Difference Between TCP and UDP
TCP vs UDP
The flow of traffic across the Internet is on the basis of protocols which are TCP (Transmission Control Protocol) and UDP (User Datagram Protocol).
While TCP is more popular across the Internet, the UDP cannot be rendered completely redundant. TCP allows error correction but UDP does not. In the case of TCP, there is a guarantee of the data delivery at the download or addresse point. This is made possible by ‘flow control’ which determines the requirement for resending data. Flow control also checks and stops the transmission of data unless previous packets have been successfully delivered. This is based on the process in which the client can request a resending of a particular packet from the server until the entire packet has been received as in its original form.

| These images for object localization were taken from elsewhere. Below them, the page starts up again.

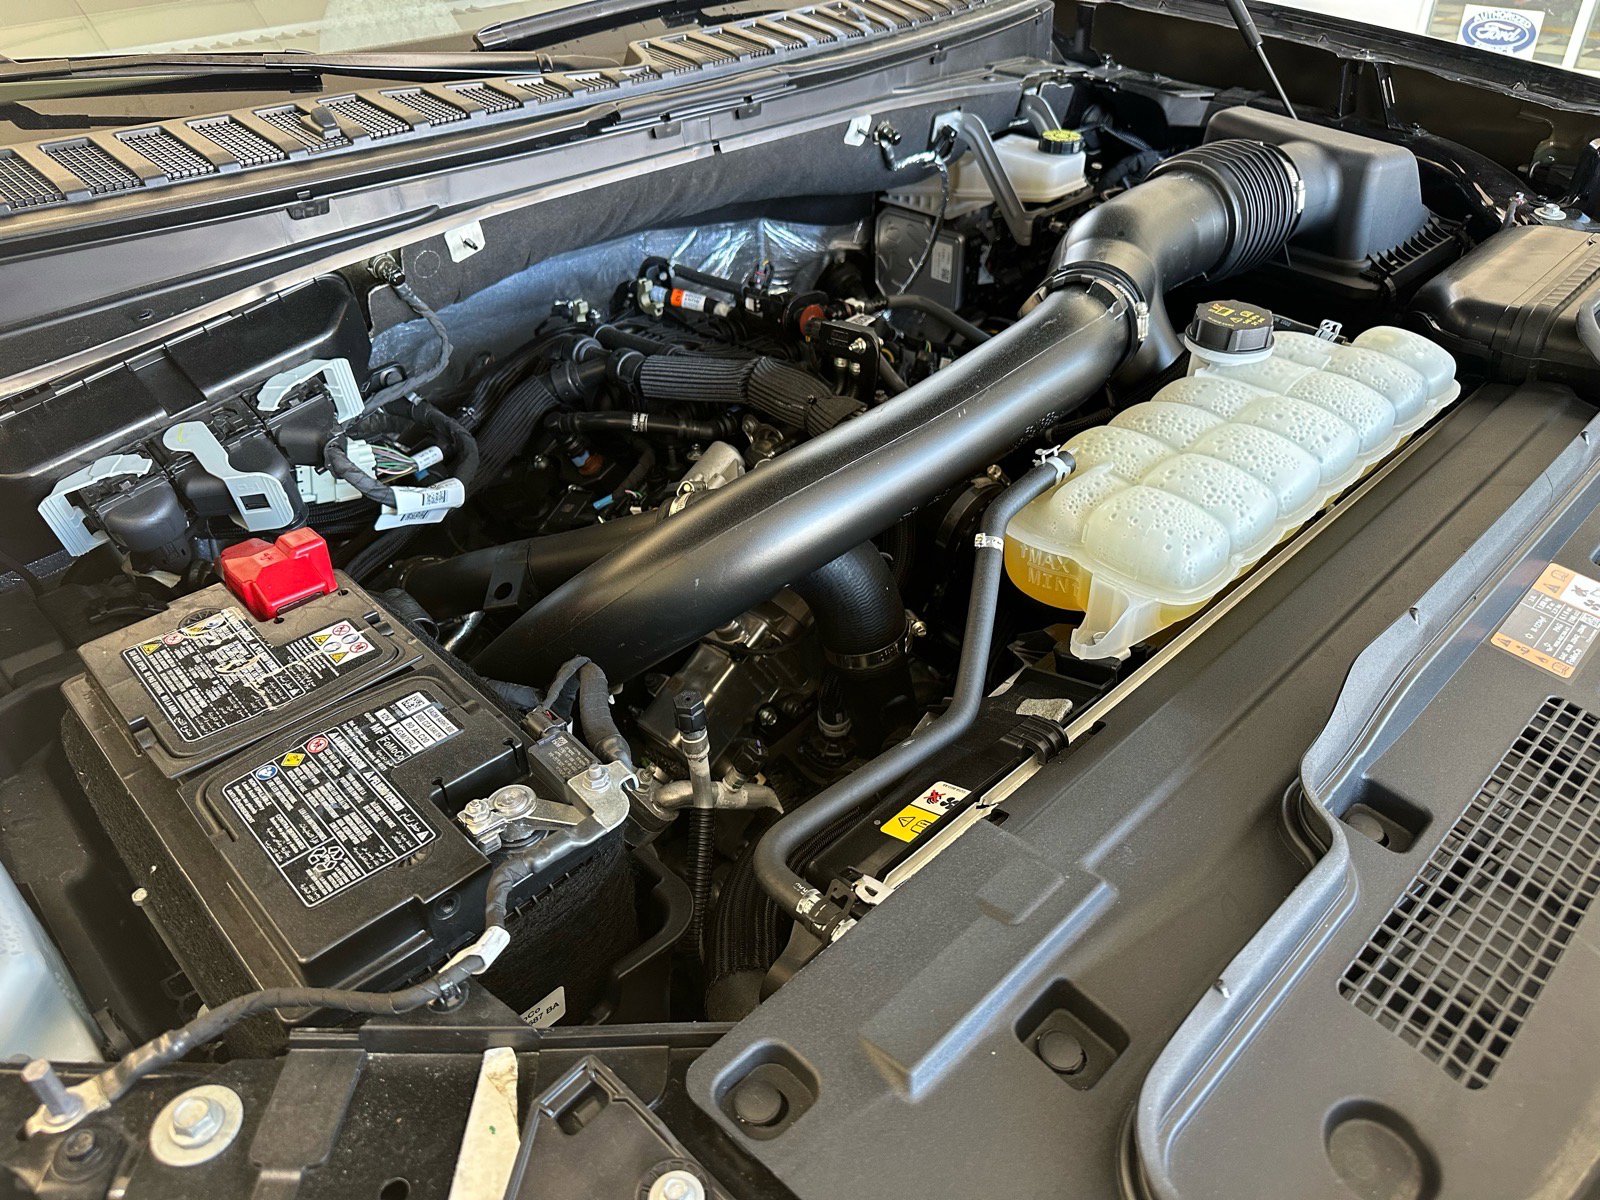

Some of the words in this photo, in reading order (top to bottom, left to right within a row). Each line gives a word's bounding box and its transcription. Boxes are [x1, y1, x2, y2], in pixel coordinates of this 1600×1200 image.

[1475, 22, 1522, 42] Ford
[1029, 547, 1070, 573] MAX
[1028, 568, 1069, 593] MIN
[378, 712, 392, 722] 12V
[368, 722, 387, 736] MF
[391, 726, 419, 751] AGM/VRLA
[410, 727, 422, 735] Ah
[378, 735, 407, 762] FoMoCo
[546, 1002, 560, 1015] BA
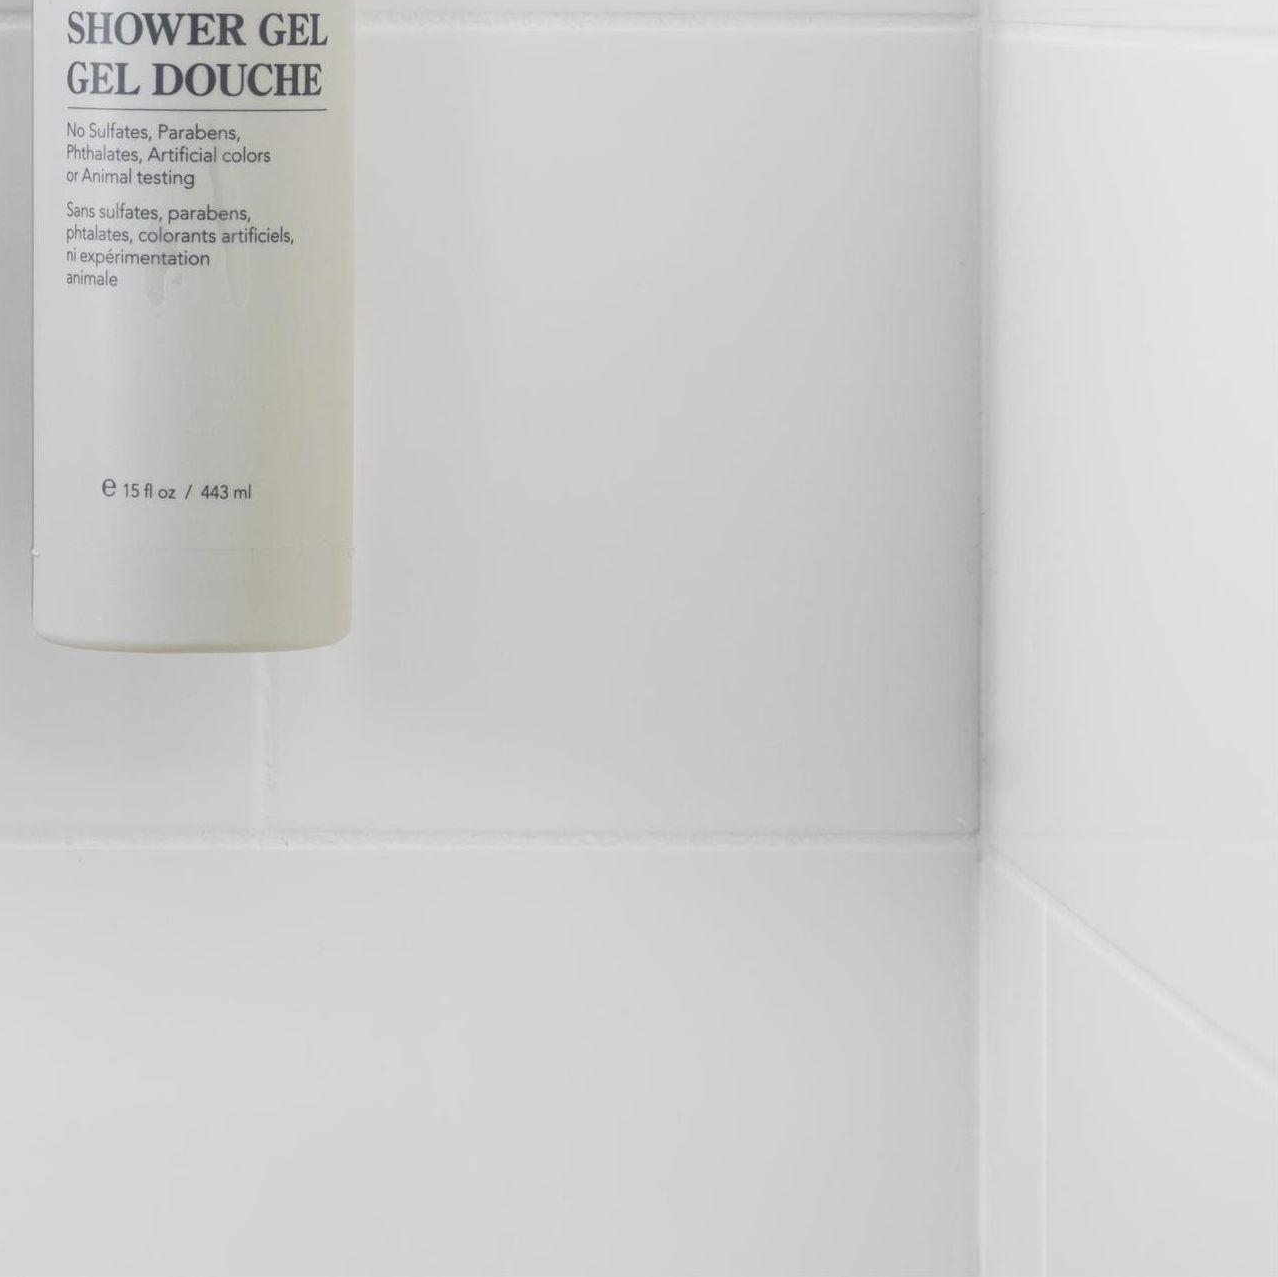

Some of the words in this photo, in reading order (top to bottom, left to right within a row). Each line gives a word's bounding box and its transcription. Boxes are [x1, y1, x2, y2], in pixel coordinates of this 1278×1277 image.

[67, 11, 247, 46] SHOWER
[259, 12, 328, 46] GEL
[67, 61, 140, 95] GEL
[152, 63, 322, 96] DOUCHE
[66, 122, 85, 138] No
[89, 122, 152, 141] Sulfates,
[158, 124, 240, 142] Parabens,
[66, 145, 142, 164] Phthalates,
[148, 146, 217, 162] Artificial
[222, 147, 271, 162] colors
[66, 170, 79, 183] or
[82, 169, 132, 184] Animal
[138, 170, 195, 189] testing
[66, 202, 95, 218] Sans
[99, 203, 163, 222] sulfates,
[168, 205, 251, 224] parabens,
[66, 225, 133, 244] phtalates,
[139, 227, 216, 243] colorants
[222, 227, 294, 244] artificiels,
[66, 250, 76, 262] ni
[80, 250, 210, 267] expérimentation
[66, 271, 118, 287] animale
[123, 484, 140, 498] 15
[144, 484, 153, 498] fl
[158, 487, 176, 500] oz
[201, 484, 229, 499] 443
[233, 484, 252, 499] ml
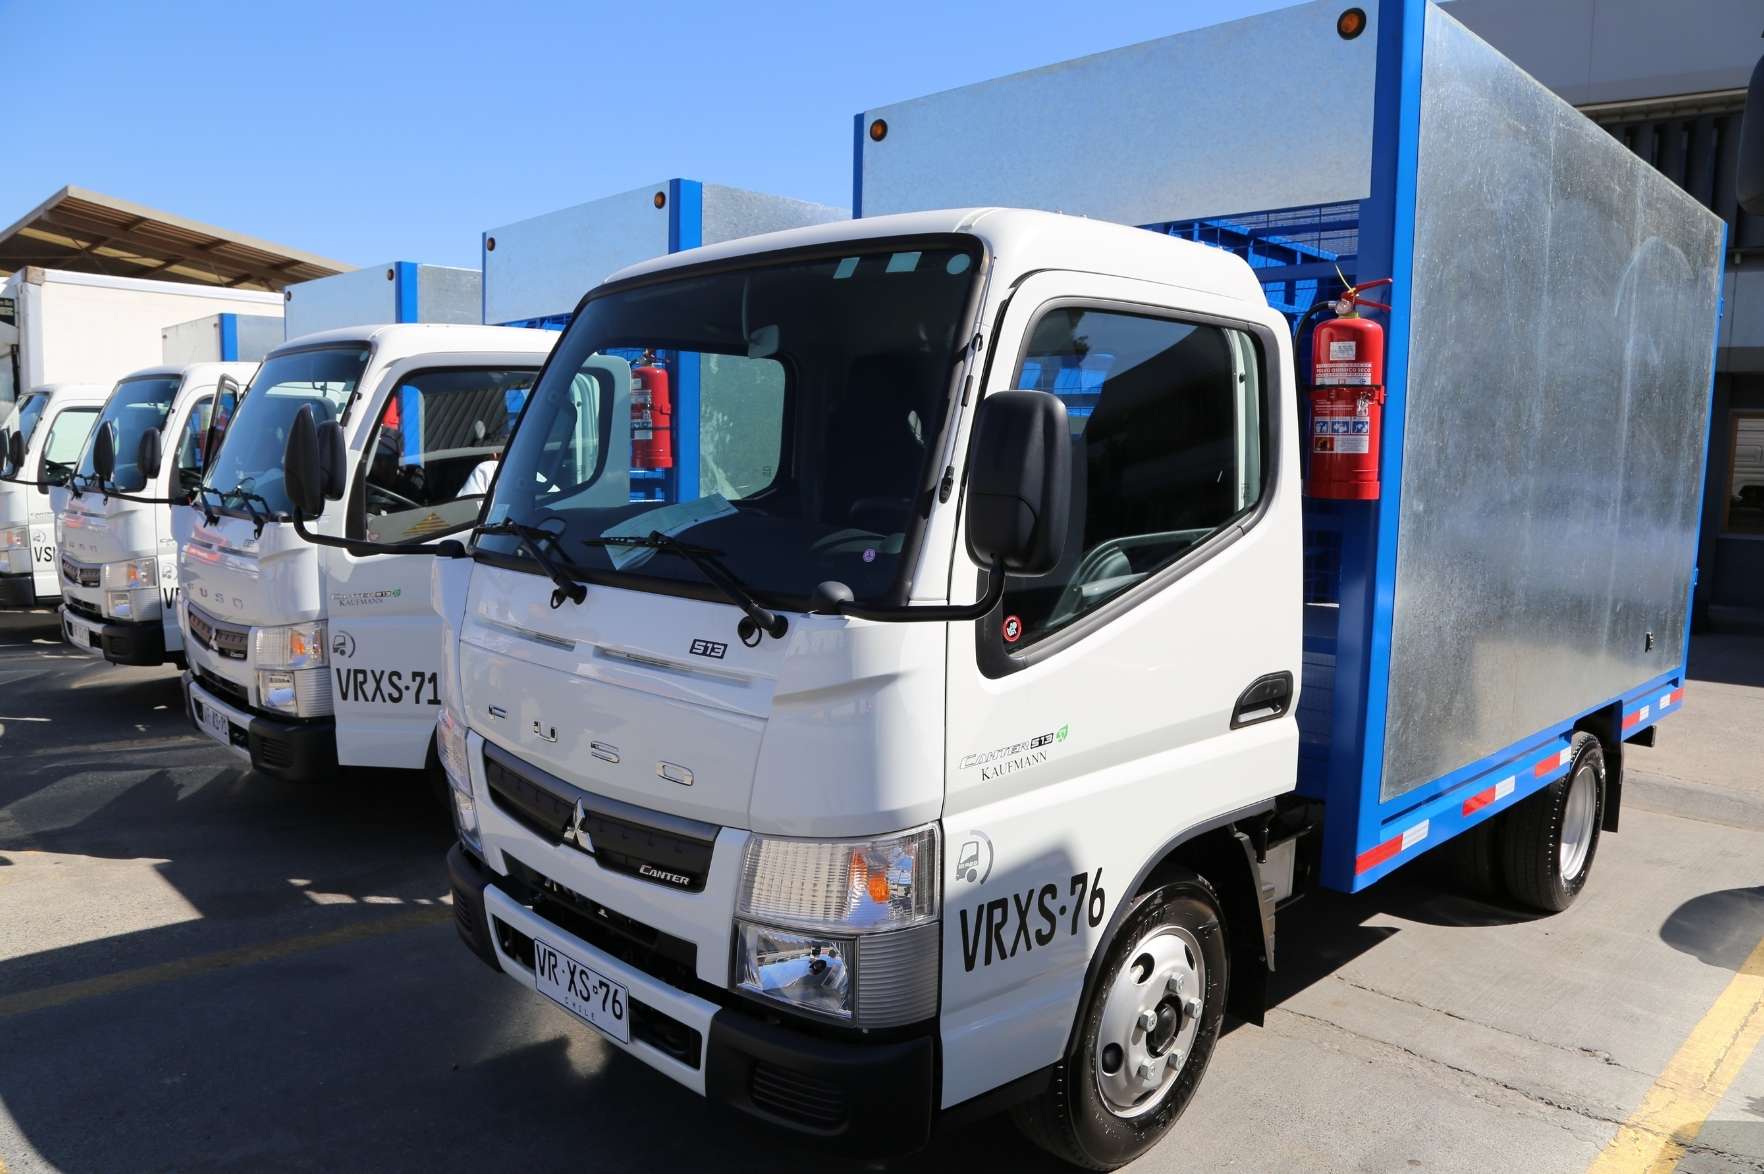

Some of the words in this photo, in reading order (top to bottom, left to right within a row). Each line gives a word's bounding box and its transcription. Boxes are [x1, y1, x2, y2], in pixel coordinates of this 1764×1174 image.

[690, 640, 727, 658] S13
[488, 704, 694, 787] FUSO
[960, 741, 1030, 769] CANTER
[981, 751, 1048, 781] KAUFMANN
[640, 864, 690, 885] CANTER
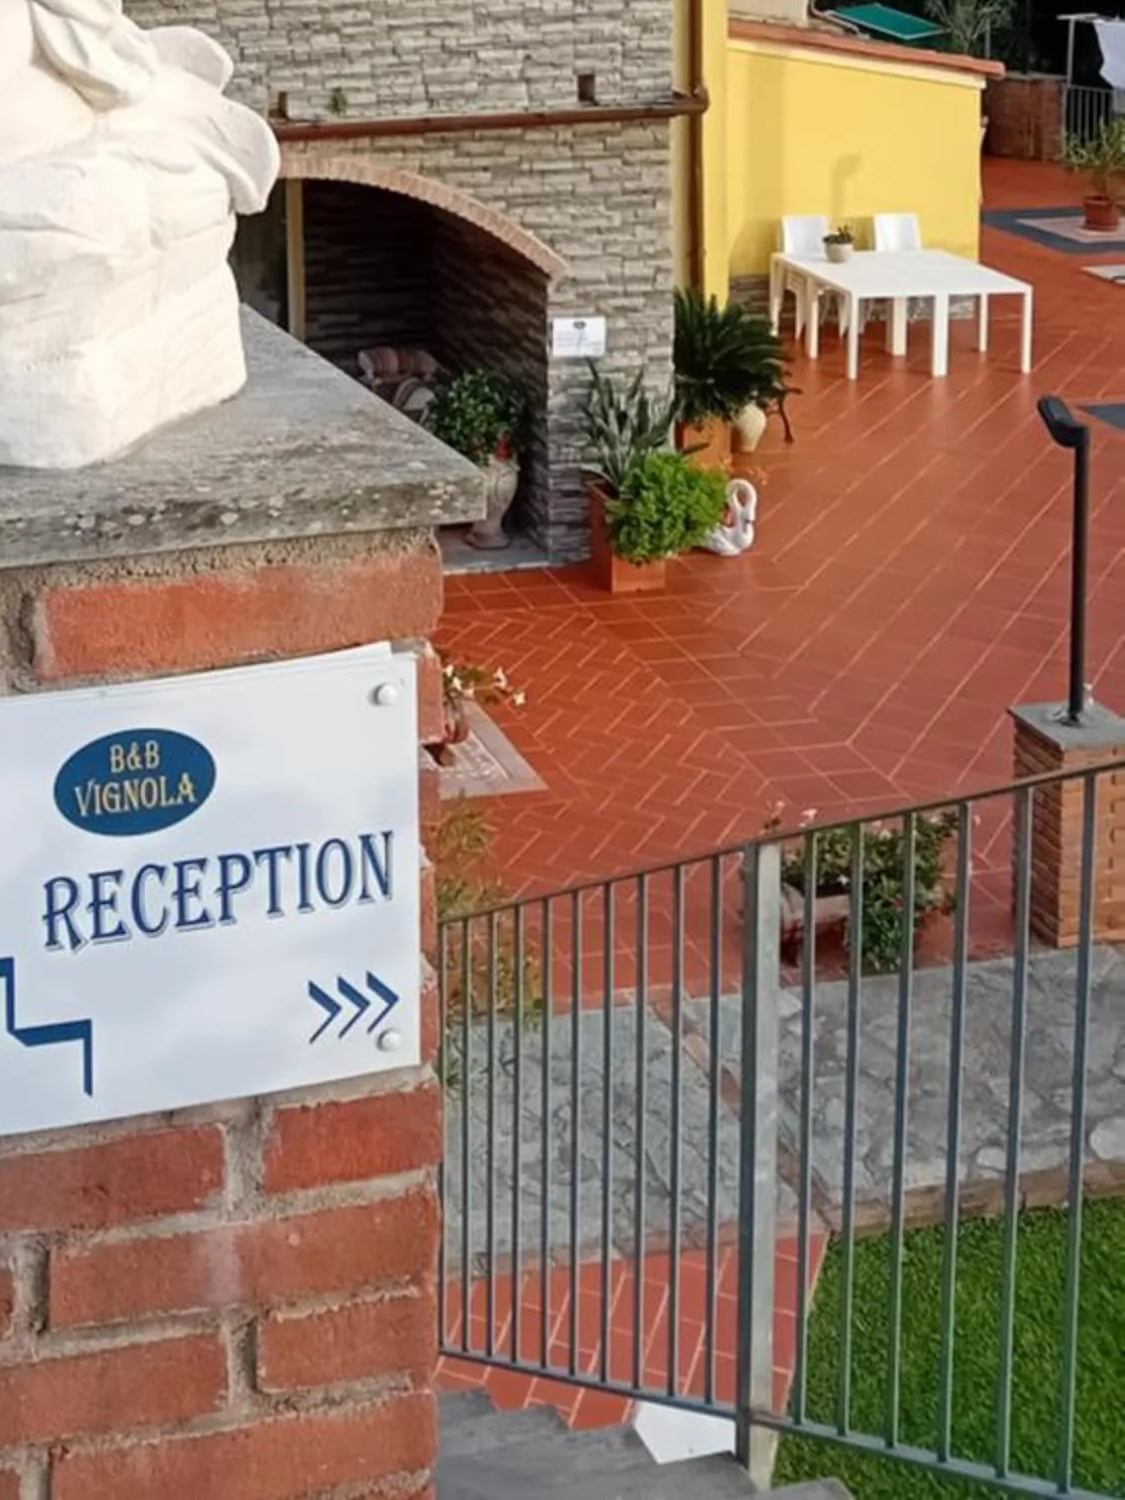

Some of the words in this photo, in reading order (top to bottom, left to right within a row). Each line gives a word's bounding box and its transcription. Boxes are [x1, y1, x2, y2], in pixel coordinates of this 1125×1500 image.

[109, 739, 161, 774] B&B
[74, 771, 197, 818] VIGNOLA
[41, 829, 394, 951] RECEPTION

UDP is also common but it cannot be relied upon for sending important data like secure files, important webpages etc. It is used mostly for streaming media including audio and video. UDP is faster than TCP and media players work best with it. There is no flow control or error correction but the speed is far greater so despite streaming media not being of high quality, it can be viewed properly with UDP.
TCP is safer as compared to UDP as the latter serves as an adequate cover for viruses. TCP also has a complicated frame structure. In case of UDP, the operating system has to do very little work to translate the data.
UDP is connection less while TCP is connection-oriented which requires the latter protocol to establish full connection between the receiver and the sender. The connection needs to be closed after the transfer is complete to free up system resources that were being used by the protocol. UDP requires no authorization and is okay for free-floating dissemination of data.